Assistant to the Imperial Counsellor (御史中丞)
- In office ?–?
- Monarch: Liu Shan

Personal details
- Born: Unknown
- Died: Unknown

= Meng Huo =

3rd century tribal leader in the Nanzhong region

Meng Huo ( 210s–220s) was a local leader in the Nanzhong region in the state of Shu Han during the Three Kingdoms period of China. He was popularly depicted as a local leader representing the gentries of the Nanzhong region, but some historians doubt his historical existence.

Meng Huo's popular image comes from the 14th-century historical novel Romance of the Three Kingdoms, which romanticises the events before and during the Three Kingdoms period. The novel portrays Meng Huo as a southern barbarian tribal leader. He also marries the fictional Lady Zhurong, who claims descent from the fire deity Zhurong. In the Beijing Opera "Dragon and Phoenix Headgear" Zhurong and Meng Huo has a daughter named Huaman.

==Historical sources==
Meng Huo and the record of his captures appeared in both the Han Jin Chunqiu, written by Xi Zuochi in the Eastern Jin dynasty and also in the near-contemporary Chronicles of Huayang written between 348 and 354 by Chang Qu. Therefore, two historical documents of different origins and known for reliability recorded events involving Meng Huo. The Liu Song historian Pei Songzhi included Xi Zuochi's account without comment in his annotations to Chen Shou's Records of the Three Kingdoms. The historian Sima Guang, when compiling the Zizhi Tongjian, also recorded events involving Meng Huo.

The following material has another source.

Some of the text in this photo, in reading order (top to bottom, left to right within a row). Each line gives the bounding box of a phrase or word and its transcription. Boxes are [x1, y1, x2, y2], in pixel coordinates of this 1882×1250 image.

However due to Pei Songzhi's criticism of Xi Zuochi on other parts of his work, the historian Fang Guoyu (方國瑜) used Pei's doubts on Xi's unreliability to challenge the story of Meng Huo's seven captures. However, Fang did not go as far as to doubt Meng Huo's existence.

The absurdity of Meng Huo being captured and released seven times led many to doubt the story, and even of Meng Huo's existence. The Republican-era historian Zhang Hualan (張華爛) wrote in his article "Discussion on Meng Huo" (孟獲辯) that Meng was a fictional character invented by later historians, noting that the name "Huo" (獲), which means "captured" in Chinese, is too coincidental, considering Meng's fate on being captured – a view shared by many academics.

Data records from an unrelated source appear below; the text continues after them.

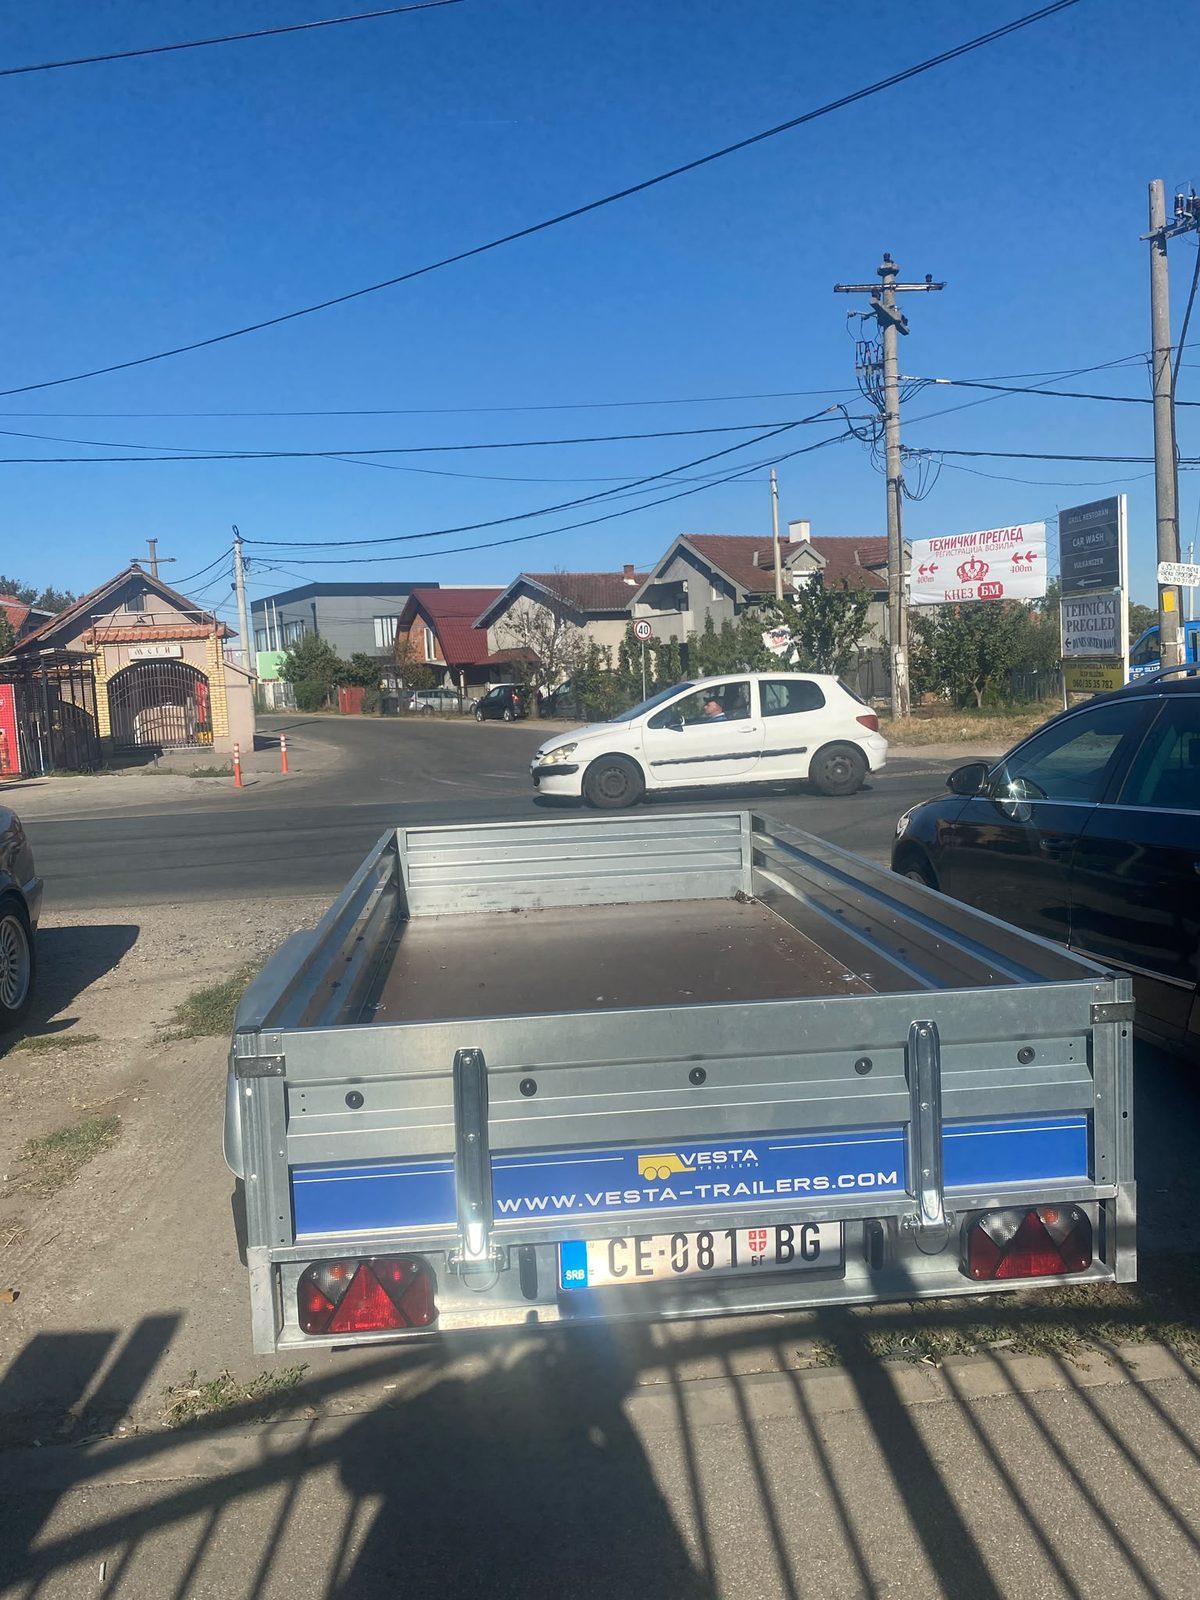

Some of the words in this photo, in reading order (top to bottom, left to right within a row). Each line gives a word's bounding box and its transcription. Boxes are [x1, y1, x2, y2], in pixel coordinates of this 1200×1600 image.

[929, 534, 977, 552] ТЕХНИЧКИ
[979, 527, 1024, 544] ПРЕГЛЕД
[1072, 538, 1084, 547] CAR
[1086, 533, 1104, 545] WASH
[1010, 564, 1033, 574] 400m
[944, 588, 974, 600] КНЕЗ
[981, 584, 1000, 596] БМ
[639, 625, 648, 634] 40
[1066, 618, 1115, 632] PREGLED
[1102, 680, 1114, 689] 782
[680, 1149, 759, 1166] VESTA
[700, 1162, 760, 1171] TRAILERS
[497, 1171, 898, 1212] WWW.VESTA-TRAILERS.COM
[775, 1222, 821, 1265] BG
[565, 1268, 585, 1281] SRB

A contrary example of this argument could be made with the given name of Liu Bei and Liu Shan. Bei (備) which means "to prepare" and Shan (禪) which means "to give" in Chinese. Just as with Meng Huo, those indicate what happened. Liu Bei prepared his kingdom and Liu Shan gave it, as noted by Qiao Zhou. Yet, those individuals are definitely not fictional. Furthermore, it is unclear if Meng Huo was of Chinese descendent or from foreign tribes. If it was the latter, then his name may have sounded similar as "Huo" (獲) and therefore was transcribed as such.

Huang Chengzhong (黃承宗) of the Liangshan Yi Slave Society Museum believes Meng to be a real historical figure, though he is certain that the "seven times freed" story is fiction.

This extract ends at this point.